Let’s mimic what happened. In the beginning, app_1’s missed-opportunity is 0, and assume YARN start with node1.

Node1: (rack-local to app_1’s request), skip, and increase missed_opportunity to 1.
Node2: (rack-local, skip, MO=2)
Node3: (rack-local, skip, MO=3)
Node4: (rack-local, skip, MO=4)
Node5: (rack-local, skip, MO=5)
Node6: (rack-local, since MO=5>delay1, allocate 1st container, and reset MO to 0 [1])
Node7: (rack-local, skip, MO=1)
Node8: (rack-local, skip, MO=2)
Node9: (rack-local, skip, MO=3)
Node10: (rack-local, skip, MO=4)
Node11: (rack-local, skip, MO=5)
Node12: (rack-local, since MO=5>delay1, allocate 2nd container, and reset MO to 0 [1])
….

Once rack-locality-full-reset set to false, allocation becomes:

Node1: (rack-local to app_1’s request), skip, and increase missed_opportunity to 1.
Node2: (rack-local, skip, MO=2)
Node3: (rack-local, skip, MO=3)
Node4: (rack-local, skip, MO=4)
Node5: (rack-local, skip, MO=5)
Node6: (rack-local, since MO=5>delay1, allocate 1st container, and reset MO to delay1)
…. could allocate many containers depends on node’s availability.
Node7: (rack-local, allocate for app_1 since MO still >= delay1)
Node8: …

When delay2 comes to the picture, it becomes tricker:

delay2 = min(#cluster-node, (#requested-unique-hosts / #cluster-node) * #requested-containers)

So what the hell this means? First of all, delay2 won’t be exceed total nodes in the cluster you have. And the more unique host you requested, and the more #container you requested, you will expect to see longer delays. We can have [2] to control this behavior.

In addition to above two configs, the maximum number of containers can be allocated in each node allocation can be specified. See [3]

And there’s an open design to introduce better locality scheduling to YARN, see https://issues.apache.org/jira/browse/YARN-4189: Capacity Scheduler : Improve location preference waiting mechanism

[1]

This resetting of MO after rack-local allocation can be controlled by: yarn.scheduler.capacity.rack-locality-full-reset, by default it is true (reset to 0). Once the rack-locality-full-reset set to false, YARN can continue allocate rack-local containers without waiting MO come back to delay1.

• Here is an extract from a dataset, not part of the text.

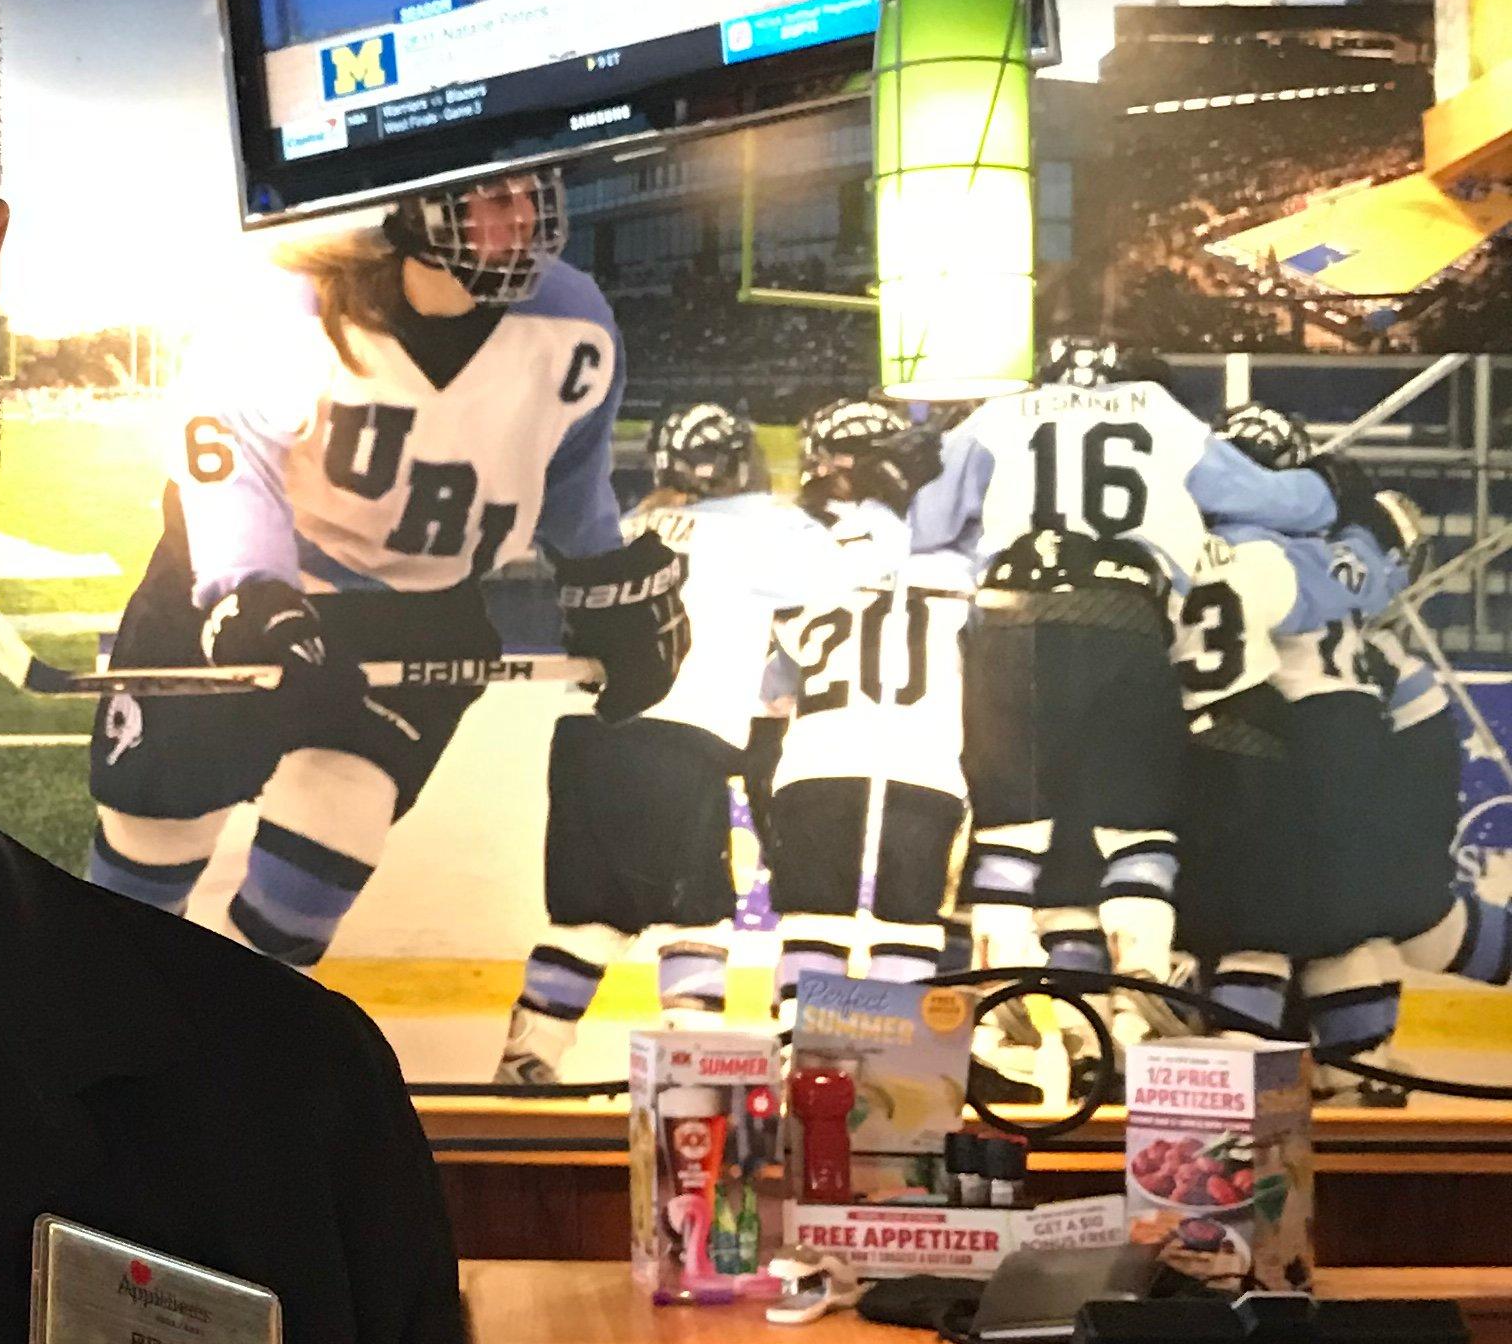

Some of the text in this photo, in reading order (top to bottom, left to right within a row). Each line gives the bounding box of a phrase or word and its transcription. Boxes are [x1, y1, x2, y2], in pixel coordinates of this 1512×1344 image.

(Available since Apache Hadoop 2.8.0)

[2]

By setting yarn.scheduler.capacity.rack-locality-additional-delay > 0, we can control delay2 in the cluster level. Here’s description of the parameter:

Number of additional missed scheduling opportunities over the node-locality-delay
ones, after which the CapacityScheduler attempts to schedule off-switch containers,
instead of rack-local ones.
Example: with node-locality-delay=40 and rack-locality-delay=20, the scheduler will
attempt rack-local assignments after 40 missed opportunities, and off-switch assignments
after 40+20=60 missed opportunities.
When setting this parameter, the size of the cluster should be taken into account.
We use -1 as the default value, which disables this feature. In this case, the number
of missed opportunities for assigning off-switch containers is calculated based on
the number of containers and unique locations specified in the resource request,
as well as the size of the cluster.

(Available since Apache Hadoop 2.9.0/3.0.0)

[3]
yarn.scheduler.capacity.per-node-heartbeat.multiple-assignments-enabled:
– Whether to allow multiple container assignments in one NodeManager heartbeat. Defaults to true.

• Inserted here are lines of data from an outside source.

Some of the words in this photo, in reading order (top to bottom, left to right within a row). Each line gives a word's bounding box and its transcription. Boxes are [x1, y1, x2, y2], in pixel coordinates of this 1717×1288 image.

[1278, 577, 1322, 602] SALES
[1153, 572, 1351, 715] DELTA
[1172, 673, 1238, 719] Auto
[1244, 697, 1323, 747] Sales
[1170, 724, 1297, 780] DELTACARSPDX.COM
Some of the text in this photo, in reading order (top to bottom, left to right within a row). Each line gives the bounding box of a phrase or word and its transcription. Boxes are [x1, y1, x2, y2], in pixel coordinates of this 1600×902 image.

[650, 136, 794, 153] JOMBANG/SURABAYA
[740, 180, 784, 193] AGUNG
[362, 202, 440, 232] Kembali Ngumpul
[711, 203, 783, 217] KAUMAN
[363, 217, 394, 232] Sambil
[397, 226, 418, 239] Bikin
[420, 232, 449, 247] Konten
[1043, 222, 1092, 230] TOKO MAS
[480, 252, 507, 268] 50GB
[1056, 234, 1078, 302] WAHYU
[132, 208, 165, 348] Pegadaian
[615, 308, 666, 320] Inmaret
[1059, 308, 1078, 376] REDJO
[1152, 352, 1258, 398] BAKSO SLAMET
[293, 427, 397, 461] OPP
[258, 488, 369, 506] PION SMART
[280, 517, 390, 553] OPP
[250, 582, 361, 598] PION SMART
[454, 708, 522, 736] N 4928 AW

yarn.scheduler.capacity.per-node-heartbeat.maximum-container-assignments
– If multiple-assignments-enabled is true, the maximum amount of containers that can be assigned in one NodeManager heartbeat. Defaults to -1, which sets no limit.

yarn.scheduler.capacity.per-node-heartbeat.maximum-offswitch-assignments
– If multiple-assignments-enabled is true, the maximum amount of off-switch containers that can be assigned in one NodeManager heartbeat. Defaults to 1, which represents only one off-switch allocation allowed in one heartbeat.